Researchers Join $4B Push to Build Self-Improving AI
Notable artificial intelligence researchers have joined a $4 billion effort aimed at building self-improving AI systems, according to a report by The New York Times published Tuesday.
The initiative represents one of the largest funding commitments in the AI sector this year, drawing researchers to work on systems capable of autonomously enhancing their own capabilities. The involvement of prominent researchers has drawn substantial financial backing alongside scientific participation, according to the Times.
Self-improving AI refers to systems that can iteratively refine their own performance, architecture or training processes without direct human intervention. The concept has been a subject of both intense research interest and safety debate within the AI community, as such systems could accelerate the pace of AI development beyond current trajectories.
The $4 billion figure places the effort among the most well-funded AI ventures in 2025, a year that has seen substantial capital flows into frontier AI development, according to industry analysts.

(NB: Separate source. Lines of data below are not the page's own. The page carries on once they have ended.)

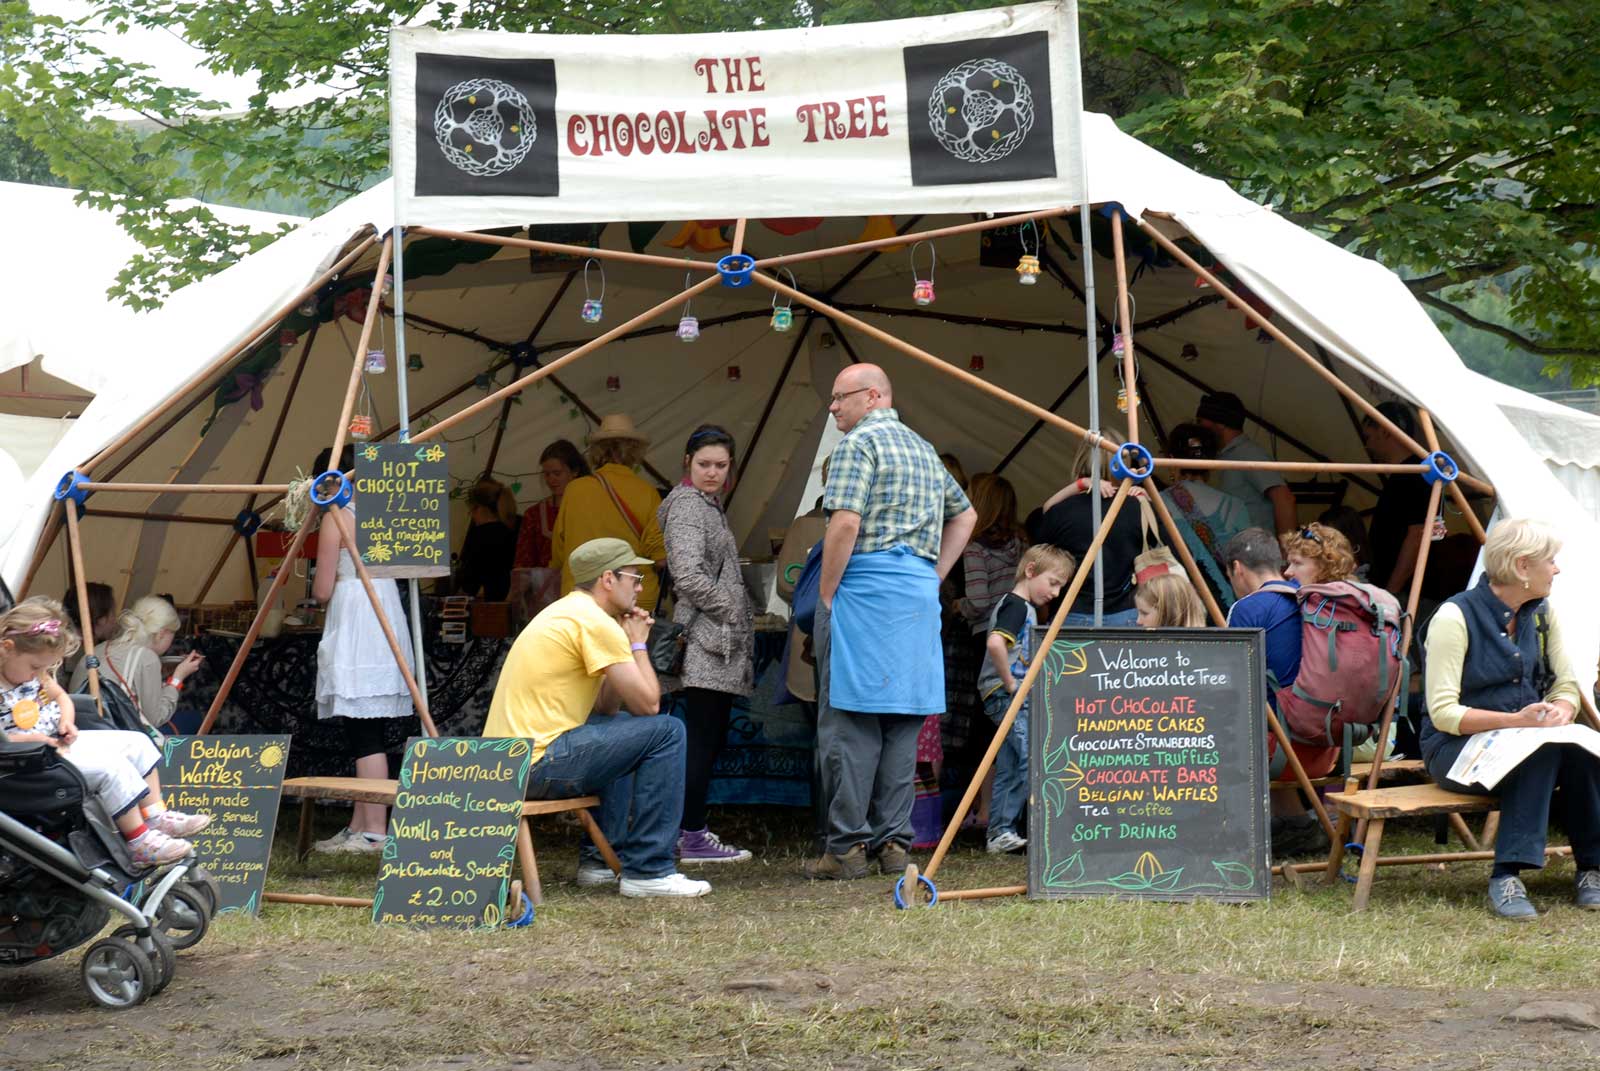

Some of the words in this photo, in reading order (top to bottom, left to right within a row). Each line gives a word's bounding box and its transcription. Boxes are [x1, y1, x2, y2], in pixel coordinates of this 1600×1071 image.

[695, 56, 765, 93] THE
[567, 108, 769, 157] CHOCOLATE
[797, 95, 889, 143] TREE
[382, 461, 420, 477] HOT
[356, 479, 446, 494] CHOCOLATE
[361, 517, 385, 529] add
[391, 518, 440, 530] cream
[369, 528, 393, 541] and
[392, 541, 411, 556] for
[412, 544, 443, 564] 20p
[1098, 648, 1169, 670] Welcome
[1175, 651, 1191, 667] to
[1090, 672, 1121, 691] The
[1123, 670, 1195, 689] Chocolate
[1193, 668, 1227, 685] Tree
[1077, 718, 1153, 733] HANDMADE
[1157, 716, 1206, 733] CAKES
[1069, 734, 1133, 751] CHOCOLATE
[1134, 733, 1216, 751] STRAWBERRIES
[190, 740, 252, 768] Belgian
[1079, 753, 1150, 767] HANDMADE
[180, 763, 243, 786] Waffles
[411, 761, 514, 785] Homemade
[1086, 768, 1169, 785] CHOCOLATE
[1177, 766, 1217, 784] BARS
[166, 793, 176, 809] A
[178, 792, 209, 808] fresh
[212, 796, 250, 808] made
[1152, 785, 1219, 802] WAFFLES
[396, 791, 462, 810] Chocolate
[463, 793, 486, 813] Ice
[486, 798, 524, 818] Cream
[1080, 804, 1110, 817] Tea
[1128, 802, 1174, 817] Coffee
[222, 811, 259, 824] served
[232, 827, 264, 838] sauce
[391, 817, 440, 842] Vanilla
[443, 820, 469, 840] Ice
[469, 823, 519, 843] cream
[429, 846, 455, 864] and
[379, 862, 407, 882] Dark
[406, 861, 465, 878] Chocolate
[464, 860, 512, 882] Sorbet
[441, 914, 452, 923] or
[455, 914, 476, 925] cup

The initiative adds to a growing list of heavily capitalized AI ventures competing in the United States, where the majority of frontier AI development continues to be concentrated. Major labs including OpenAI, Anthropic, Google DeepMind and xAI have all raised multi-billion-dollar rounds in recent years, increasing competition for talent and capital in frontier AI development.
The pursuit of self-improving AI systems has drawn scrutiny from safety researchers who warn that autonomous self-modification could make AI systems harder to align with human intentions. The National Institute of Standards and Technology has identified recursive self-improvement as a capability warranting particular oversight, according to published NIST guidance.
Details regarding the specific company or organization leading the effort, the identities of the researchers involved and the names of investors were reported by The New York Times.